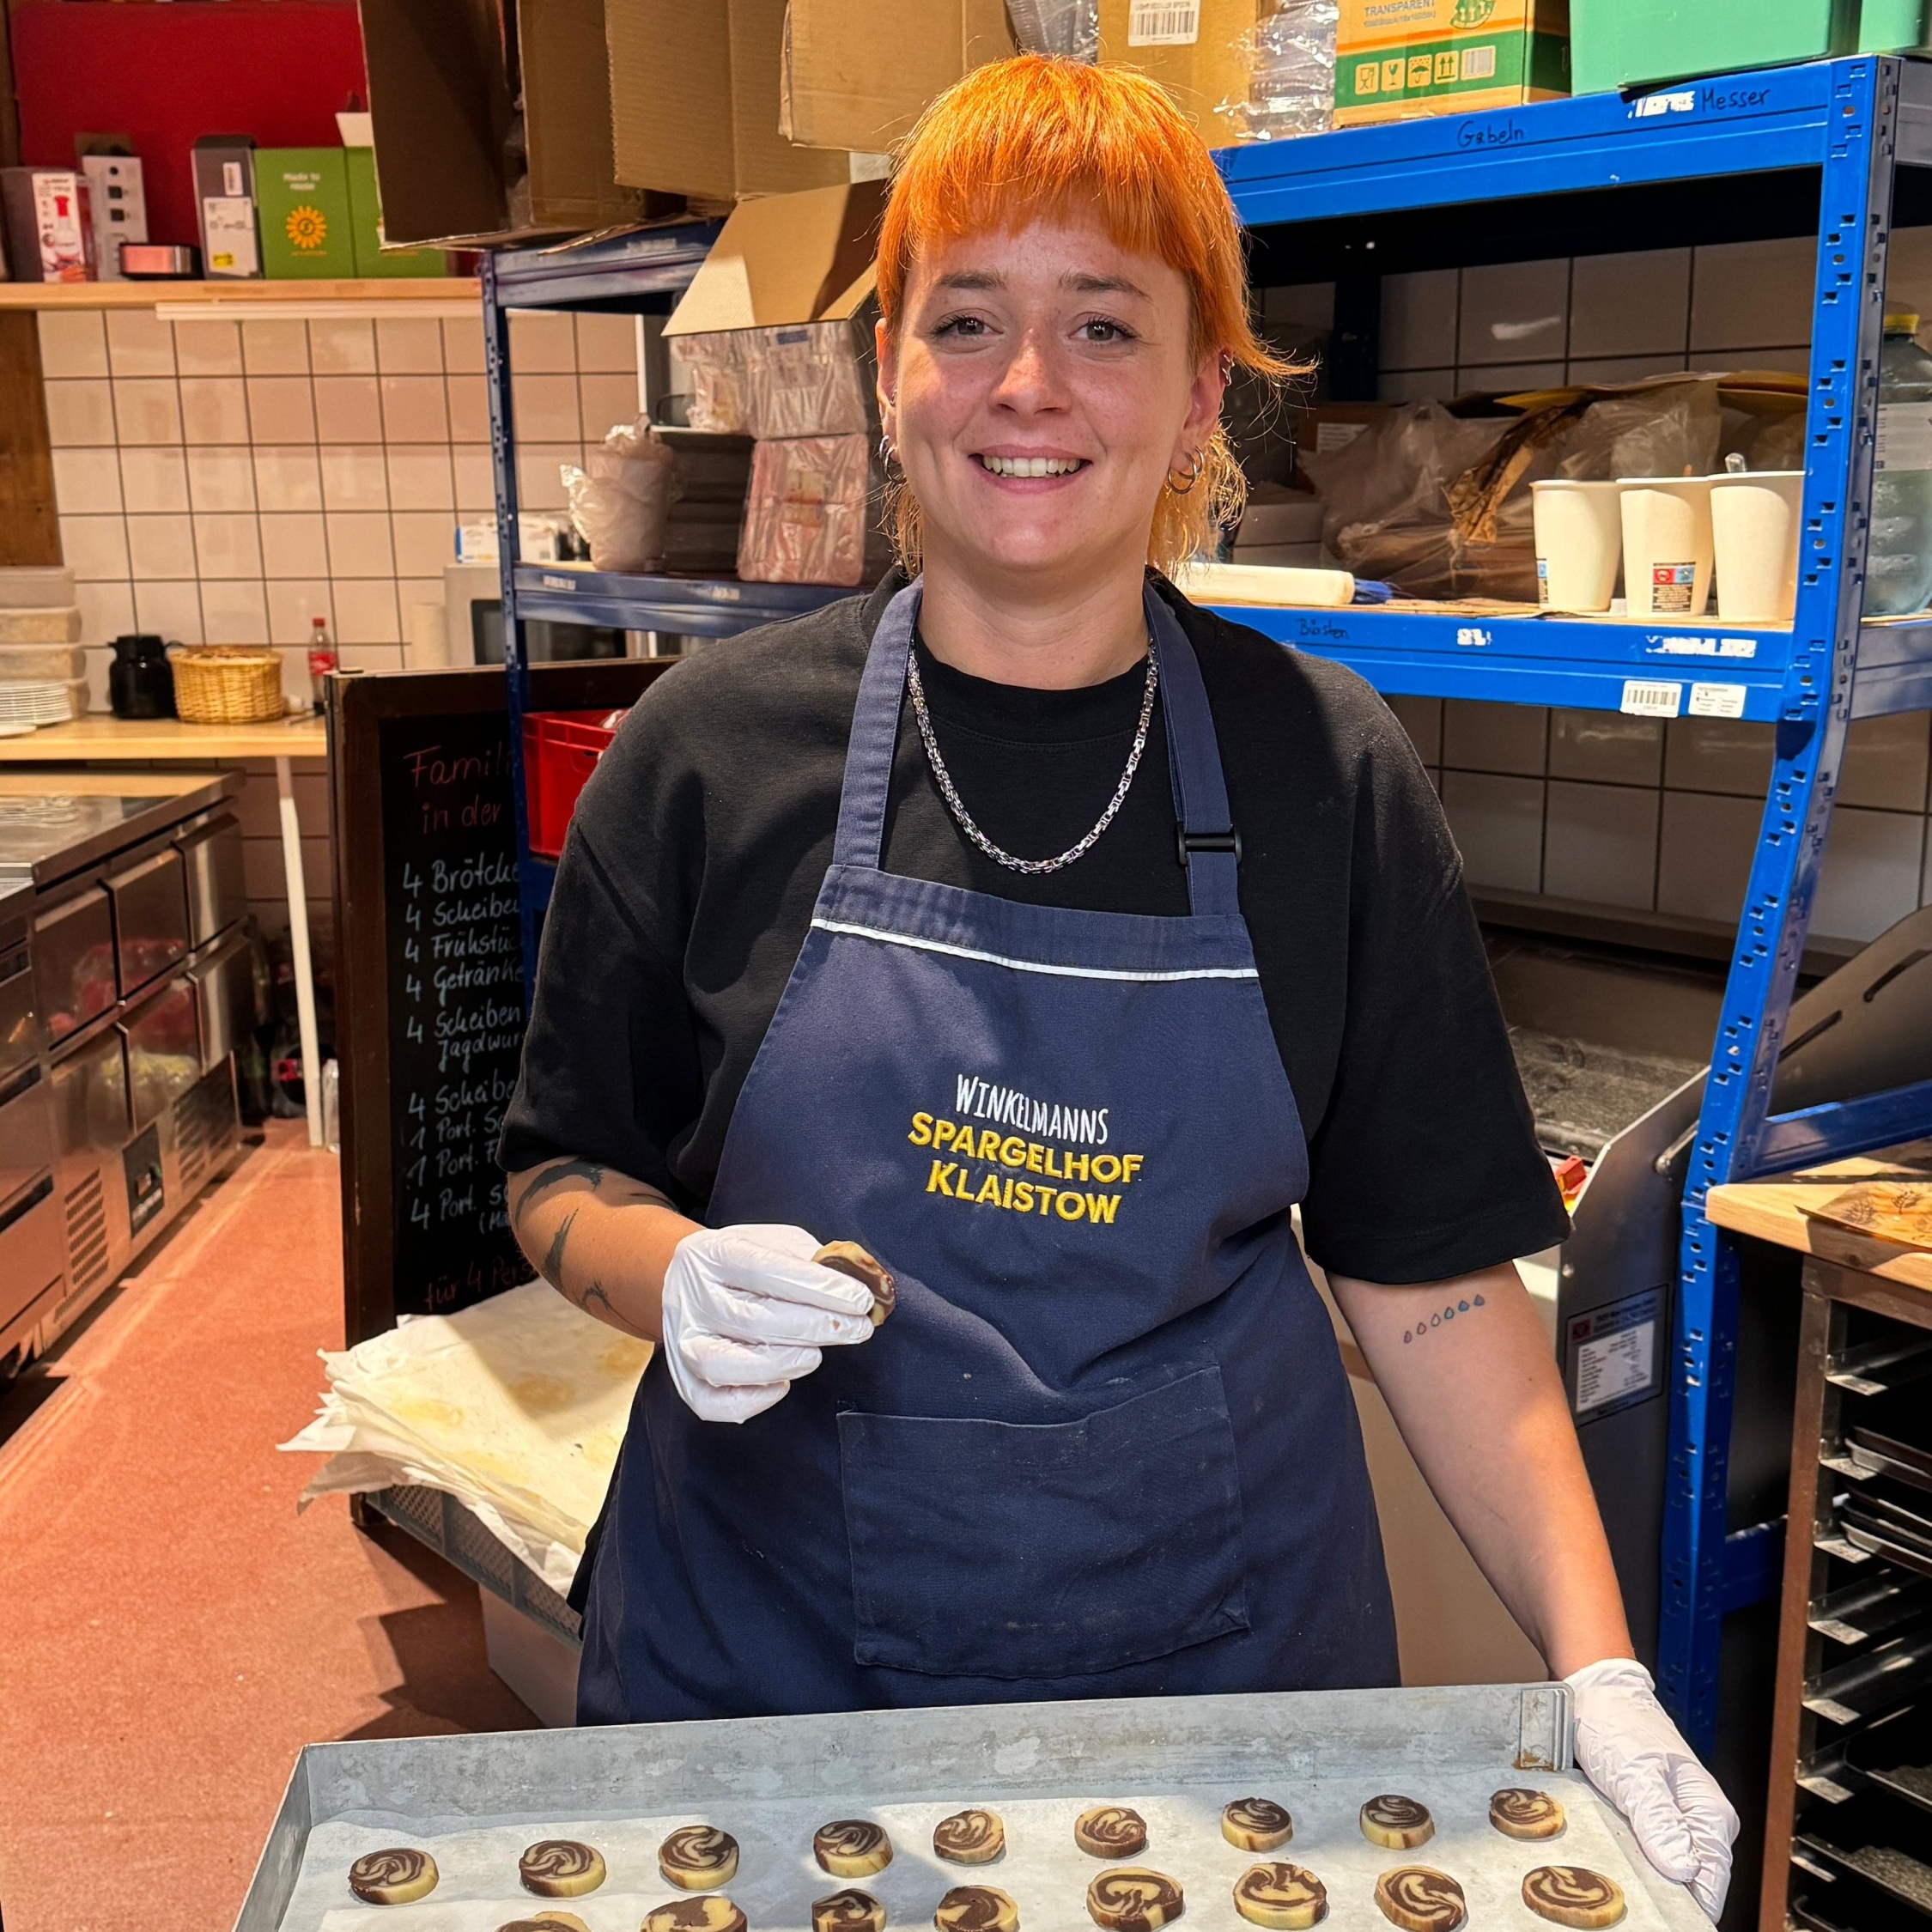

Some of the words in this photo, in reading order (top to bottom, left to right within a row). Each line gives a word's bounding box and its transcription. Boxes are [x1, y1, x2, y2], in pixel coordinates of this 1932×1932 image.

[1701, 87, 1771, 112] Messer
[1457, 118, 1525, 148] Gabeln
[420, 801, 450, 835] in
[460, 792, 502, 828] der
[402, 860, 424, 899] 4
[404, 902, 422, 932] 4
[404, 937, 421, 964] 4
[404, 972, 423, 1003] 4
[406, 1015, 423, 1045] 4
[434, 997, 521, 1037] Scheiben
[436, 1030, 524, 1074] Jagdwur
[407, 1091, 427, 1122] 4
[956, 1073, 1109, 1145] WINKELMANNS
[409, 1125, 427, 1151] 1
[907, 1111, 1145, 1184] SPARGELHOF
[406, 1153, 428, 1188] 1
[435, 1142, 480, 1179] Port.
[926, 1159, 1122, 1224] KLAISTOW
[410, 1196, 431, 1231] 4
[422, 1274, 461, 1314] für
[465, 1260, 483, 1295] 4

+++

» What is expected
Could you transcribe the records above exactly, leaving every picture out?

» Task result
Some of the words in this photo, in reading order (top to bottom, left to right within a row). Each line gives a word's bounding box and its transcription. Boxes are [x1, y1, x2, y2], in pixel coordinates of this 1932×1932 image.

[1701, 87, 1771, 112] Messer
[1457, 118, 1525, 148] Gabeln
[420, 801, 450, 835] in
[460, 792, 502, 828] der
[402, 860, 424, 899] 4
[404, 902, 422, 932] 4
[404, 937, 421, 964] 4
[404, 972, 423, 1003] 4
[406, 1015, 423, 1045] 4
[434, 997, 521, 1037] Scheiben
[436, 1030, 524, 1074] Jagdwur
[407, 1091, 427, 1122] 4
[956, 1073, 1109, 1145] WINKELMANNS
[409, 1125, 427, 1151] 1
[907, 1111, 1145, 1184] SPARGELHOF
[406, 1153, 428, 1188] 1
[435, 1142, 480, 1179] Port.
[926, 1159, 1122, 1224] KLAISTOW
[410, 1196, 431, 1231] 4
[422, 1274, 461, 1314] für
[465, 1260, 483, 1295] 4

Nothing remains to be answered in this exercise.